= Autocatalysis =

Chemical reaction whose product is also its catalyst

A chemical reaction is autocatalytic if one of the reaction products is also a catalyst for the same reaction. Many forms of autocatalysis are recognized.

A set of chemical reactions can be said to be "collectively autocatalytic" if a number of those reactions produce, as reaction products, catalysts for enough of the other reactions that the entire set of chemical reactions is self-sustaining given an input of energy and food molecules (see autocatalytic set).

==Examples==
Acid-catalyzed hydrolysis of esters produces carboxylic acids that also catalyze the same reaction. Indeed, Wilhelm Ostwald's observation of an accelerating hydrolysis of gamma valerolactone to gamma-hydroxyvaleric acid led to the introduction of the concept of autocatalysis in 1890.
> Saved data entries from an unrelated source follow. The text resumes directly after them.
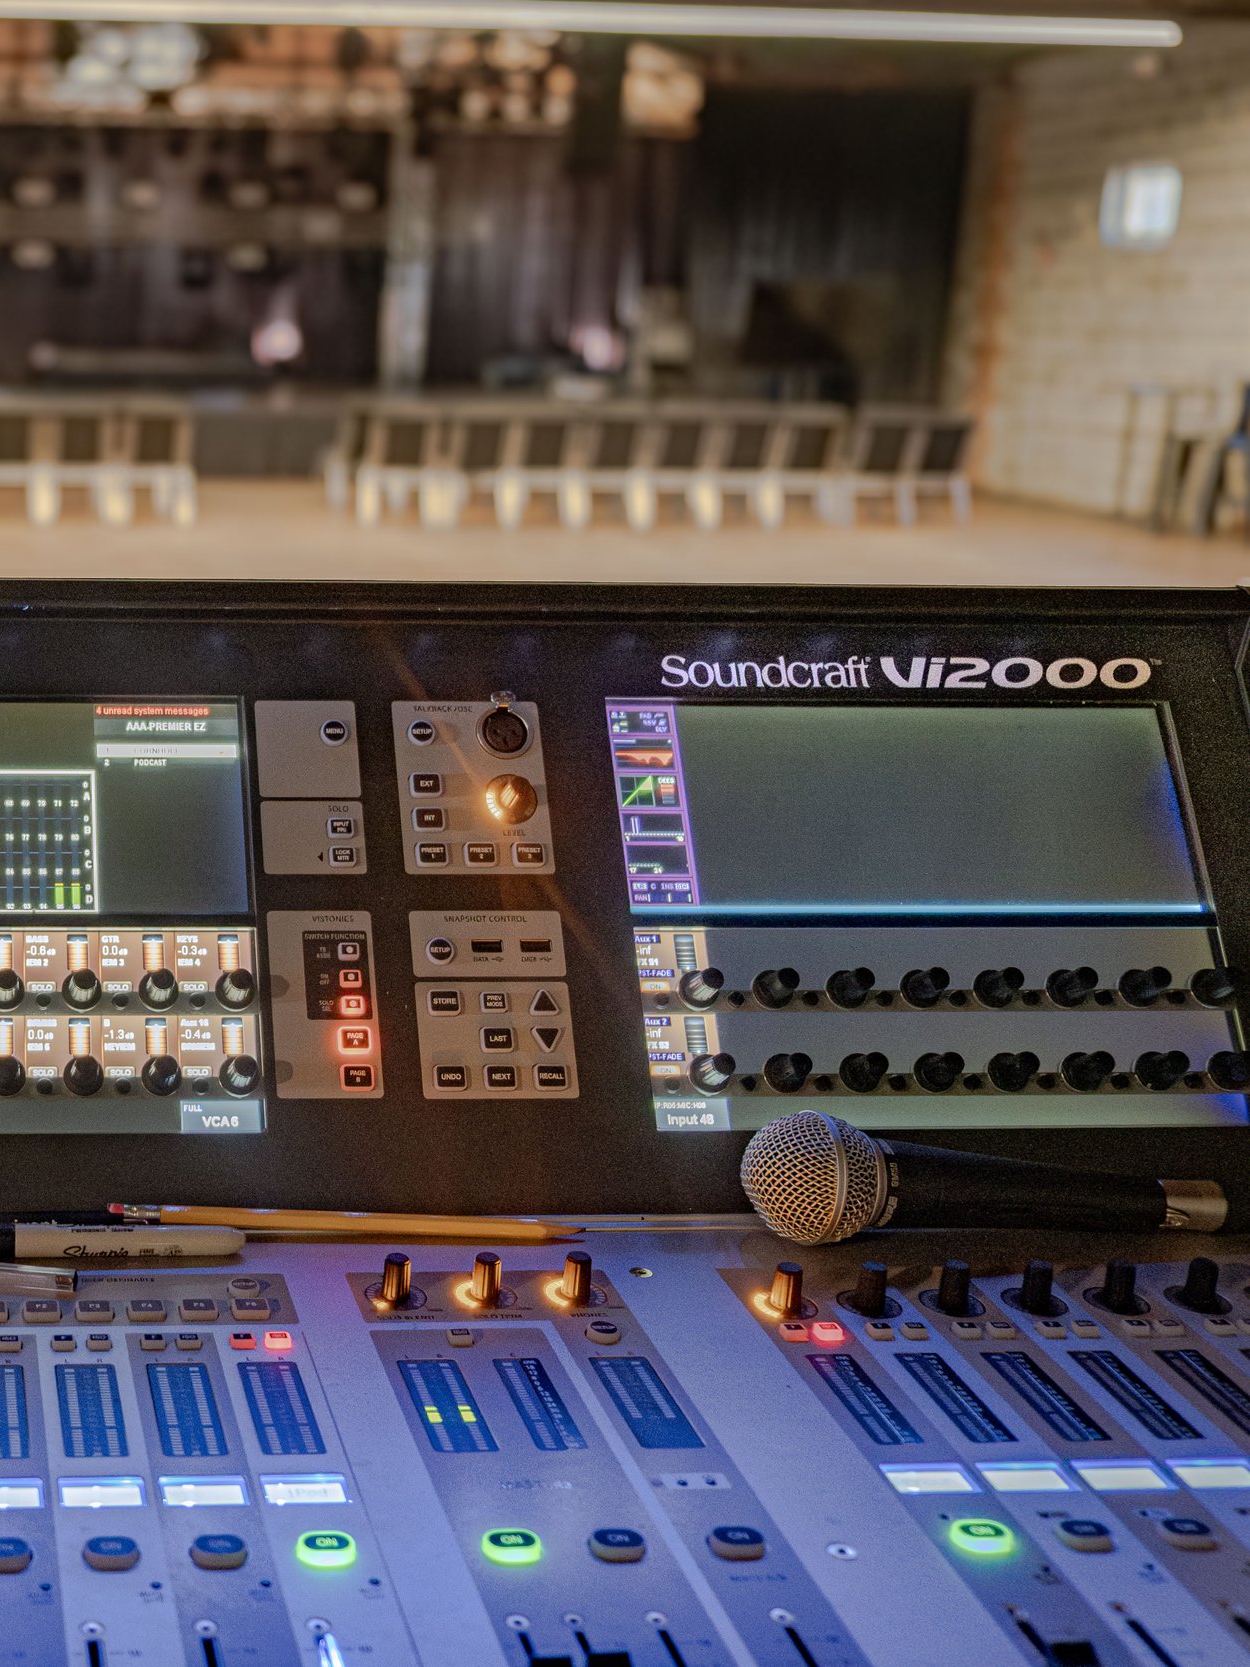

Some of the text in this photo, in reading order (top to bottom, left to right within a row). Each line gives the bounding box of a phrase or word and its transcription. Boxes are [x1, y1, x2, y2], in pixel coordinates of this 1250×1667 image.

[661, 655, 1151, 689] Soundcraft Vi2000
[103, 706, 132, 715] unread
[133, 706, 163, 717] system
[164, 707, 209, 717] messages
[193, 722, 206, 731] EZ
[327, 805, 349, 813] SOLO
[311, 915, 354, 923] VISTONICS
[443, 915, 527, 923] SNAPSHOT CONTROL
[634, 935, 651, 943] Aux
[32, 1069, 54, 1077] SOLO
[183, 1104, 203, 1112] FULL
[667, 1114, 698, 1127] Input
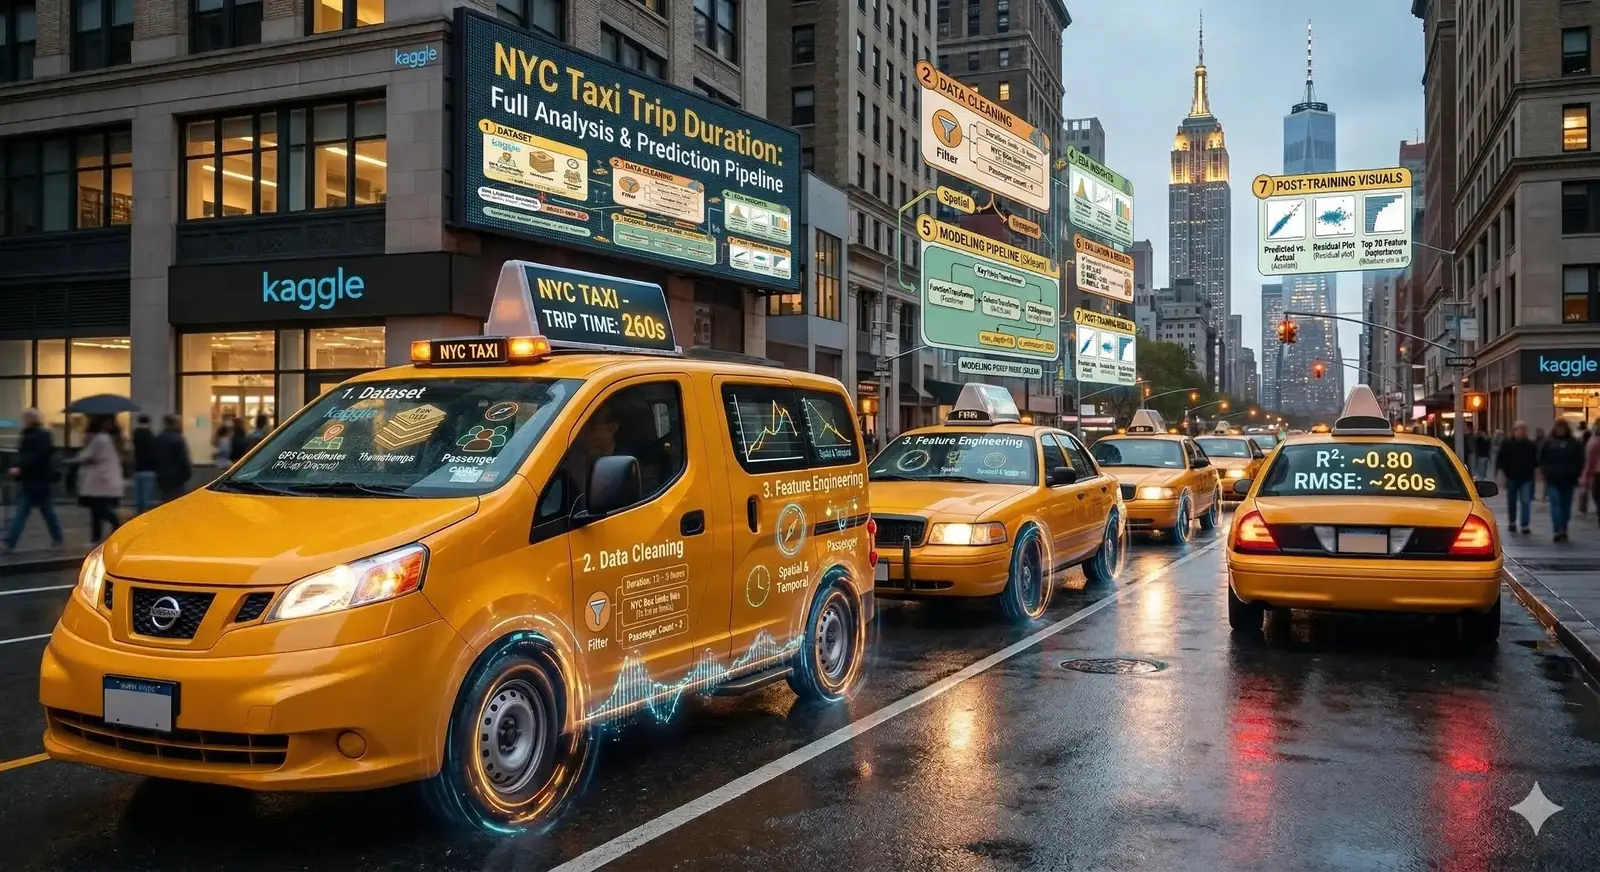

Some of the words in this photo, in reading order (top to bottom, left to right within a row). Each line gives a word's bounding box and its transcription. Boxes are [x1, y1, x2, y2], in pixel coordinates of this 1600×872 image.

[395, 45, 437, 68] kaggle
[494, 42, 559, 93] NYC
[566, 67, 621, 114] Taxi
[628, 89, 677, 136] Trip
[684, 108, 783, 166] Duration:
[922, 66, 931, 83] 2
[940, 78, 965, 103] DATA
[968, 94, 1012, 128] CLEANING
[484, 122, 489, 131] 1
[497, 126, 533, 143] DATASET
[491, 86, 528, 118] Full
[534, 105, 614, 142] Analysis
[619, 127, 632, 149] &
[637, 132, 720, 174] Prediction
[725, 159, 783, 193] Pipeline
[937, 147, 958, 165] Filter
[1069, 149, 1074, 159] 4
[1079, 155, 1090, 169] EDA
[625, 162, 642, 173] DATA
[642, 166, 674, 182] CLEANING
[1259, 180, 1267, 193] 7
[1276, 176, 1356, 192] POST-TRAINING
[1359, 172, 1403, 185] VISUALS
[923, 220, 931, 236] 5
[940, 226, 985, 252] MODELING
[986, 243, 1020, 263] PIPELINE
[1076, 238, 1081, 249] 6
[1264, 245, 1295, 254] Predicted
[1296, 245, 1306, 253] vs.
[1313, 243, 1341, 252] Residual
[1341, 241, 1355, 249] Plot
[1361, 241, 1373, 250] Top
[1384, 239, 1407, 247] Feature
[1274, 253, 1295, 262] Actual
[263, 266, 365, 310] kaggle
[537, 277, 576, 303] NYC
[578, 283, 619, 309] TAXI
[542, 309, 577, 329] TRIP
[580, 313, 620, 334] TIME:
[622, 313, 666, 340] 260s
[440, 344, 466, 359] NYC
[469, 343, 498, 358] TAXI
[961, 361, 992, 371] MODELING
[1539, 355, 1597, 377] kaggle
[341, 387, 353, 398] 1.
[359, 386, 426, 400] Dataset
[902, 437, 912, 445] 3.
[916, 436, 956, 446] Feature
[958, 436, 1023, 448] Engineering
[278, 451, 298, 460] GPS
[441, 454, 497, 465] Passenger
[1352, 451, 1413, 468] ~0.80
[763, 481, 773, 498] 3.
[776, 478, 811, 496] Feature
[813, 471, 863, 493] Engineering
[1294, 473, 1362, 490] RMSE:
[1369, 473, 1436, 491] ~260s
[826, 537, 858, 553] Passenger
[583, 552, 596, 572] 2.
[600, 550, 629, 570] Data
[632, 539, 684, 567] Cleaning
[778, 563, 802, 578] Spatial
[802, 560, 809, 572] &
[776, 576, 809, 594] Temporal
[630, 599, 643, 610] NYC
[628, 628, 657, 642] Passenger
[588, 637, 608, 652] Filter
The oxidation of hydrocarbons by air or oxygen is the basis of autoxidation. Like many radical reactions, the rate vs time plot shows a sigmoidal behavior, characteristic of autocatalysis. Many reactions of organic compounds with halogen involve autocatalytic radical mechanisms. For example the reaction of acetophenone with bromine to give phenacyl bromide.

Oscillating reactions such as the Belousov–Zhabotinsky reaction are more complicated examples that involve autocatalysis. In such reactions the concentrations of some intermediates oscillate, as does the rate of formation of products. Other notable examples are the Lotka–Volterra equations for the predator-prey model, and the Brusselator model.

Autocatalysis applies also to reactions involving solids. Crystal growth provide dramatic examples of autocatalysis: the growth rate depends on the surface area of the growing crystal. The growth of metal films from solution using the technique of electroless plating is autocatalytic. The rate of plating accelerates after some deposition has occurred, i.e., nucleation.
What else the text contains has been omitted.